From Tours, Balzac’s birthplace, James travels to the great chateaux of the Loire Valley, visiting Chambord, Amboise, Chenonceaux, and Blois, where, as you cross the threshold, “you step straight into the sunshine and storm of the French Renaissance.” Dense with literary associations and historical echoes, James’s prose brings castles and cathedrals and old walled towns to life. In his glancingly precise visual evocations of terrain and cityscape, he realizes his ambition “to sketch without a palette or brushes.”

Henry James loved Italy, “a beautiful disheveled nymph” to England’s “good married matron.” The incisive and witty essays in Italian Hours (1909) describe memorably happy sojourns in Venice, Rome, and Florence, and excursions to Siena, Assisi, Perugia, Capri, Ravenna, and other Italian cities. “Nowhere do art and life seem so interfused” as in Venice, wrote James in celebration of the splendor of Venetian light and color, air, and history. He records his radiant impressions of Roman churches and aqueducts, museums and fountains, and rambles through the gardens of the Villa Borghese in spring, when Rome seems lighted “with an irresistible smile.” All these essays are filled with James’s intense pleasure in Italian places and people.
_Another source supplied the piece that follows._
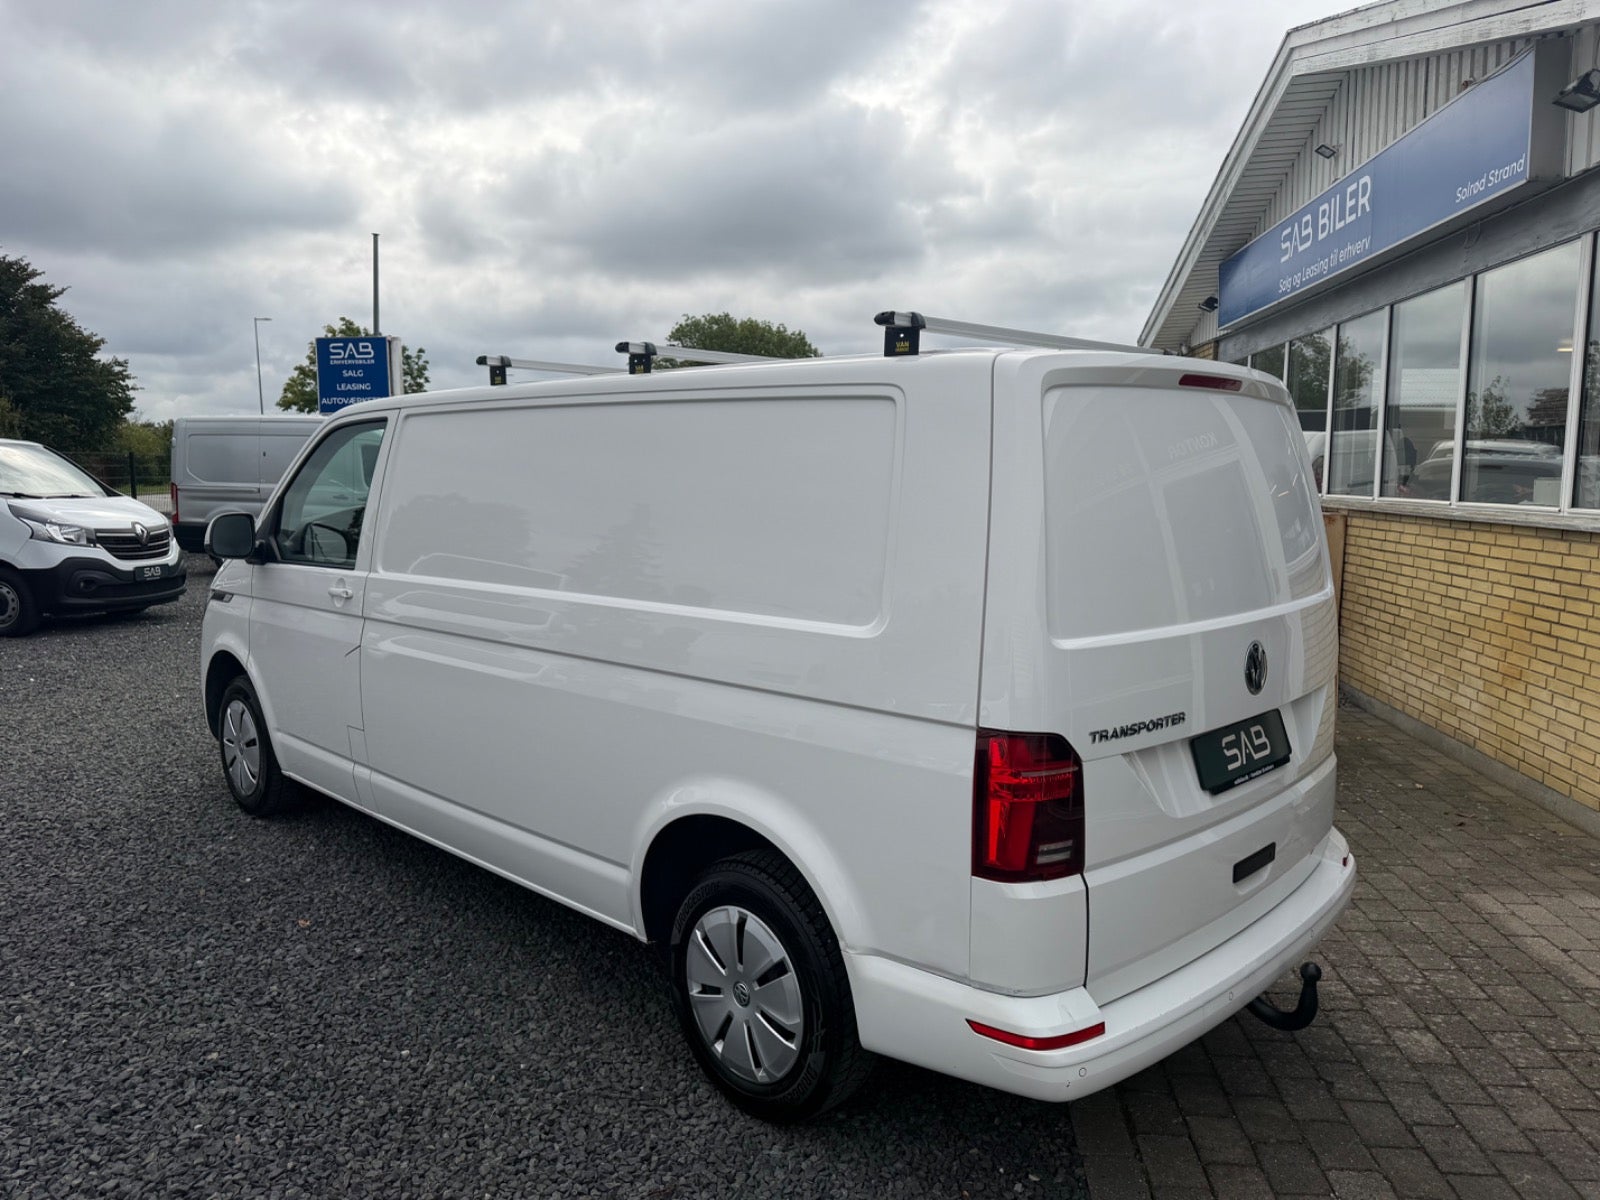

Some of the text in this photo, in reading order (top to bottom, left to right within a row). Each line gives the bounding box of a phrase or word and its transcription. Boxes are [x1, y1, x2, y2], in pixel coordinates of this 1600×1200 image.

This volume concludes with sixteen essays on such varied places as Switzerland, Holland, Rheims, and the Pyrénées, including a memorable account of the American volunteer ambulance corps in Europe during World War One.

LIBRARY OF AMERICA
 is an independent nonprofit cultural organization founded in 1979 to preserve our nation’s literary heritage by publishing, and keeping permanently in print, America’s best and most significant writing. The Library of America series includes more than 300 volumes to date, authoritative editions that average 1,000 pages in length, feature cloth covers, sewn bindings, and ribbon markers, and are printed on premium acid-free paper that will last for centuries.
Henry James (1843-1916), born in New York City, was the son of noted religious philosopher Henry James, Sr., and brother of eminent psychologist and philosopher William James. His many works include Washington Square (1880), The Portrait of a Lady (1881), The Princess Casamassima (1886), The Aspern Papers(1888), The Turn of the Screw (...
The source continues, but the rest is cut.